Em seguida, prepare uma diluição de 1/100 da primeira diluição usando o mesmo procedimento para obter uma concentração de células bacterianas a 10 ao poder de 6 Unidades formadoras de colônias por mililitro aproximadamente. Adicione 100 microliters de suspensão de nanopartículas e 1 mg/mL a 1 mililitro da diluição de 1/100 bactérias. Separe os agregados de bactérias MNP, usando um ímã, descarte, cuidadosamente, o supernasce.

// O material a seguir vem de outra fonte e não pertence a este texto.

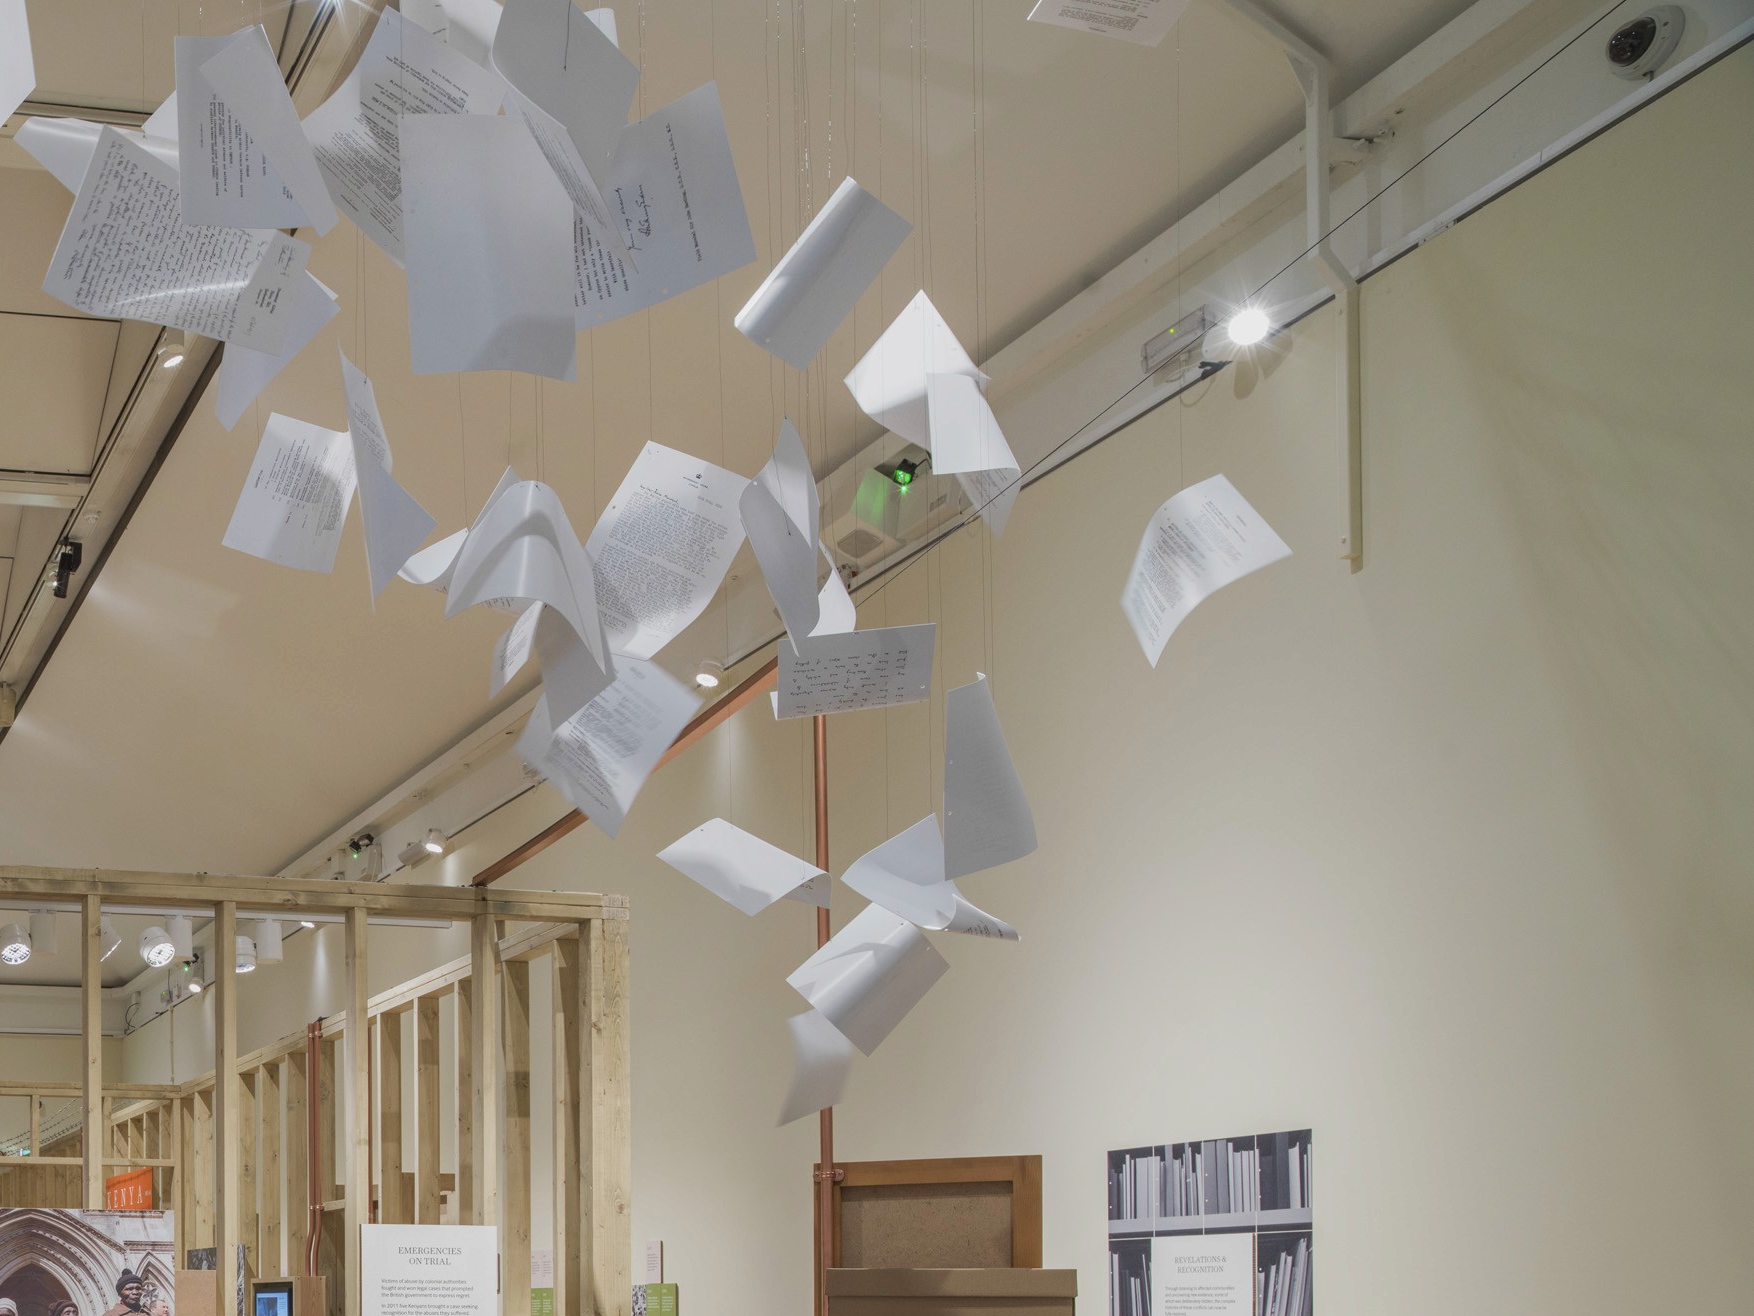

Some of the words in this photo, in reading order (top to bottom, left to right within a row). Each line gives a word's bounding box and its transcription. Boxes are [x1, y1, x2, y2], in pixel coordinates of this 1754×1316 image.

[107, 1185, 143, 1209] KENYA
[398, 1247, 461, 1255] EMERGENCIES
[424, 1258, 451, 1266] TRIAL
[1174, 1256, 1221, 1264] REVELATIONS
[1177, 1265, 1224, 1274] RECOGNITION

Enxágüe as nanopartículas separadas duas vezes com PBS de 1 milímetro usando um vórtice. Prepare quatro diluições consecutivas de 1/10 da suspensão anterior, até um 10 ao poder de diluição de menos 4. Placa 10 microliters de cada diluição em placas de ágar TS.

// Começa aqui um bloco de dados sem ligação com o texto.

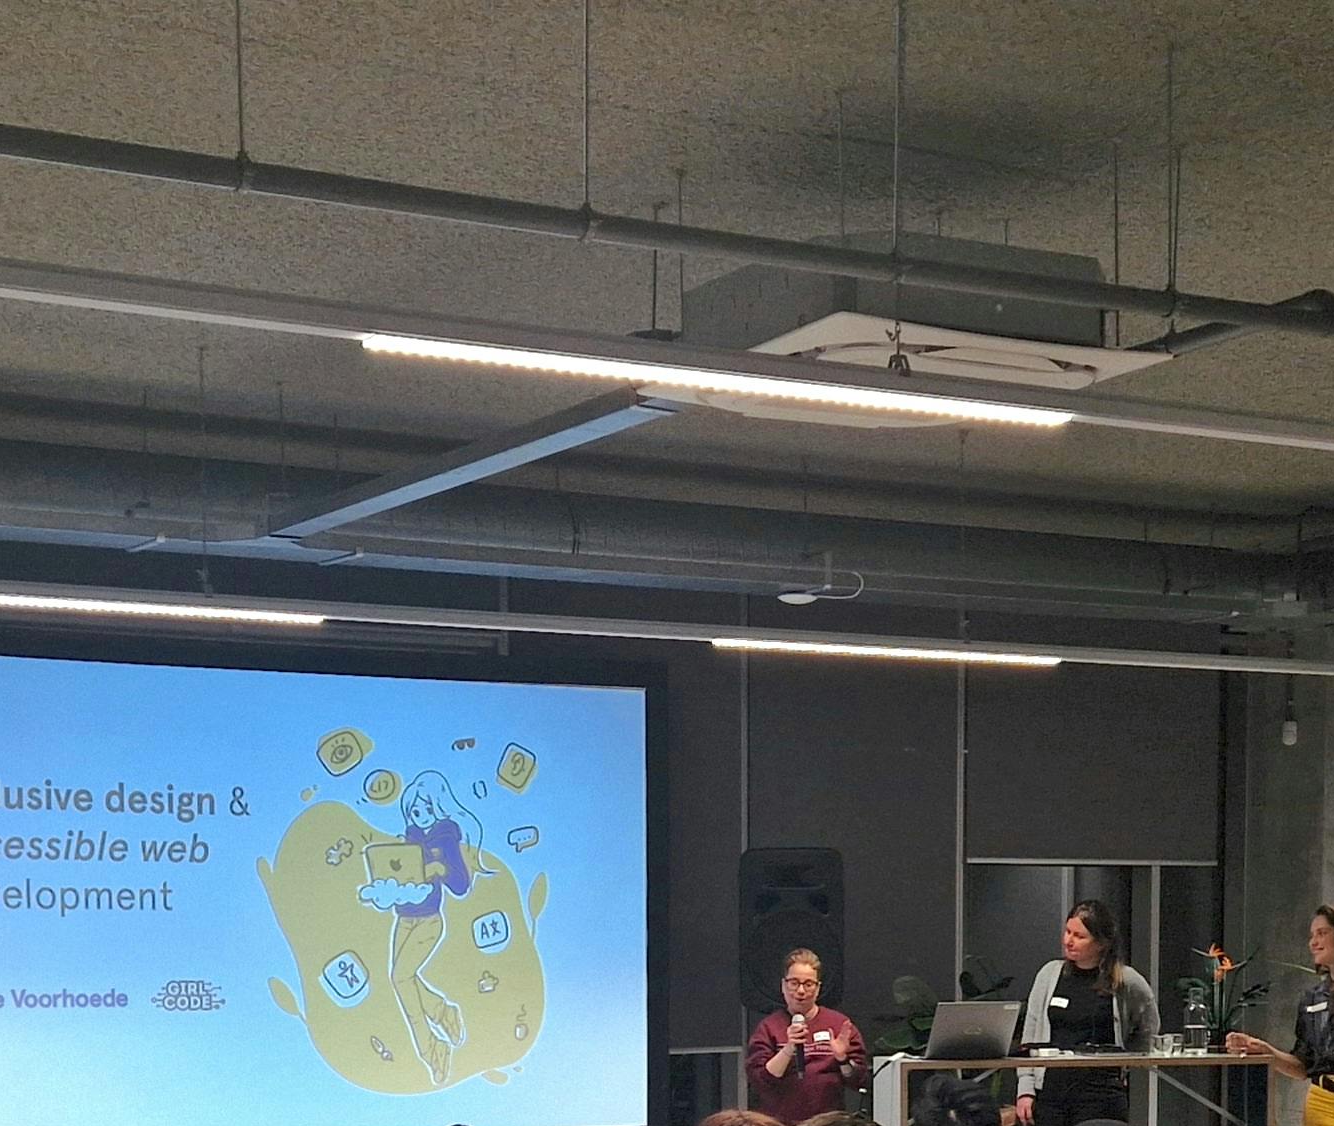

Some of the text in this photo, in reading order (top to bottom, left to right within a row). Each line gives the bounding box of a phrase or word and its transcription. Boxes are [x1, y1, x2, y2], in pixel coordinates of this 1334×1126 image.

[104, 782, 216, 823] design
[229, 786, 250, 817] &
[140, 833, 210, 864] web
[12, 988, 128, 1009] Voorhoede
[167, 982, 208, 996] GIRL
[163, 996, 211, 1009] CODE

Fotografe a placa com um digitalizador de gel no modo epi branco. Processe a imagem, usando o software conveniente, para amplificar um local para contar o número de colônias individuais. Para confirmar a formação do vínculo covalente entre as nanopartículas e o siderophore, empregamos espectroscopia FT-IR Raman para monitorar a síntese, observando como novas bandas aparecem de acordo com um novo grupo funcional em cada etapa.
Foram utilizadas microscopia TEM e SEM para observar a morfologia e o tamanho das partículas. Análise termogravimétrica para medir a perda de peso devido à adição de material orgânico. E a XPS nos permite analisar os diferentes estados de oxidação dos átomos na superfície e confirmar a formação de ligações covalentes.
Finalmente, usamos todos os intermediários no conjugado final para testar sua capacidade de capturar bactérias, a fim de estabelecer suas propriedades como biosensor. Este protocolo foi projetado para tirar proveito da alta biocompatibilidade das nanopartículas magnetitas. O revestimento com sílica melhora a dispersão e protege o núcleo magnético da degradação em mídia aquosa.
E também dar uma superfície reativa para funcionalizar com grupos de amina que são necessários para prender um siderophore modificado ácido pela química de carbodiimídeo. Neste caso, N-succynilferoxamine. A capacidade de captura de bactérias conjugadas foi testada e, como resultado, foi encontrado um baixo número de colônias, sem diferença significativa com os intermediários devido a interações específicas sobre efeitos volumosos apresentados na suspensão bacteriana da PBS.